I'm not 100% sure how it works in the US (and I'm making a blind assumption that that's where you're from).

In New Zealand, one of the things about employment contracts is that they're usually as much of a contract for an employer to provide work as they are for an employee to do the work.

Usually this is more relevant in professions like acting, when a person't career is directly relevant to the work they get, but it looks like it might be important in your situation too.

It might be worth checking your contract for something like this. If they won't give you work based on that, think seriously about looking for another job. They'd be in breach of contract.

jesterzog Fight the light

The wheel turns (5.00 / 2) (#13)
by jabber on Thu Mar 15, 2001 at 03:38:58 PM EST

And we are lucky if it doesn't crush us when it does.

For months (6 of them) I had practically nothing to do. The next phase of my project was so far up in the adminisphere that I thought it would never come back down. I had to keep 'looking busy' all the while sitting on my hands and doing little of actual value.

Then suddenly, someone somewhere made up their mind, and now I get to look forward to a year of such spastic effort that I don't know if stagnation wasn't preferable to the impending death march.

Keep making money while you explore your options. A bird in the hand is worth two in the bush, as they say. If you find something good, great! Run to it.

But do try to keep your mind active while your workplace is in stand-by. Idle stupor is a real hard thing to shake off.

[TINK5C] |"Is K5 my kapusta intellectual teddy bear?"| "Yes"

Are you on crack? (2.00 / 2) (#14)
by Zeram on Thu Mar 15, 2001 at 03:51:25 PM EST

Most people would kill to be in your situation, espically the way that the economies of most of the worlds nations are in a slide. Unless your sanity is seriously at risk, milk it for all it's worth!
Like Anime? In the Philly metro area? Welcome to the machine...
"Retainer" is the word you're looking fo (4.00 / 2) (#15)
by seebs on Thu Mar 15, 2001 at 04:25:04 PM EST

In many jobs, the cost of training a new person in to do the work will be high enough that it's more cost-effective to keep someone around who only works occasionally.

e.g., a friend of mine spent a year or two working as a bowling alley repair tech. He "worked" for maybe half an hour per 4-hour shift... but that was fine, because his job was to be there *already* when something broke, so that it would only be half an hour before it was working, rather than two or three.

It's not unthinkable that this is intentional on their part.

Heh (1.00 / 1) (#16)
by k5er on Thu Mar 15, 2001 at 04:33:26 PM EST

I have the same problem, and it just got worse. I work at Celestica and in the particular plant I work at, they have shut down the manufacturing lines for 2-3 weeks while they re-organize everything. My shifts are 12 boring hours, so last week and this week I didn't even bother going to work.

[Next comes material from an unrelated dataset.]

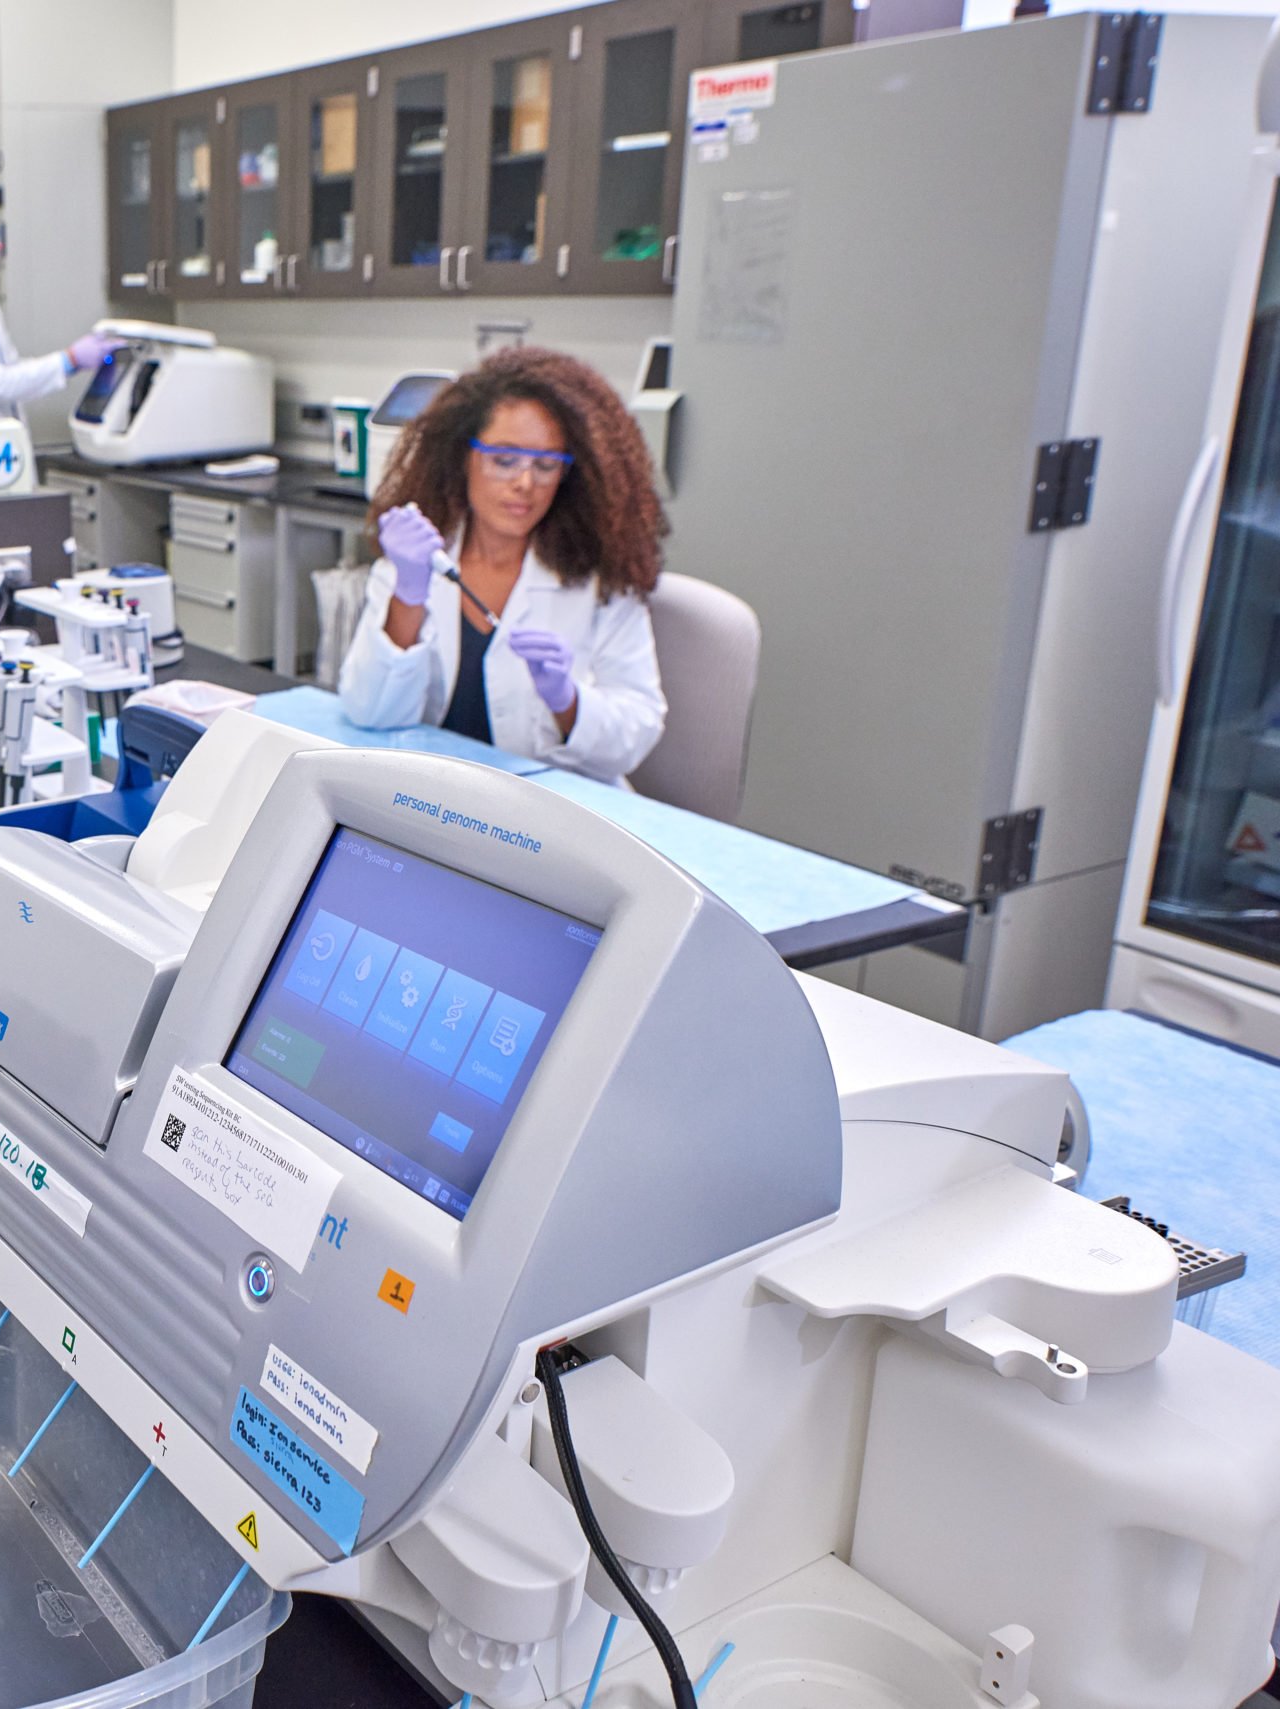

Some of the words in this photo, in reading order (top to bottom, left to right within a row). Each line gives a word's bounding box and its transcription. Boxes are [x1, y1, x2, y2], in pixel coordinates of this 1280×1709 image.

I feel like I can spend my time doing more productive things than sitting around doing absolutely *nothing*...literally. Most of the staff just hangs out playing cards in the cafeteria. Even before all this commotion took place, there was little to do. I am definitely leaving that place in about 2 months...Once my Visa is payed off! :-)
Long live k5, down with CNN.
Start looking straight away (4.80 / 5) (#17)
by hugorune on Thu Mar 15, 2001 at 04:56:49 PM EST

First you will be a lot better off looking for a new job while you are still getting paid. If you can't figure out why you haven't been laid off yet, perhaps someone else will come to the same conclusion. You can be much more choosy about jobs if you can still pay your bills.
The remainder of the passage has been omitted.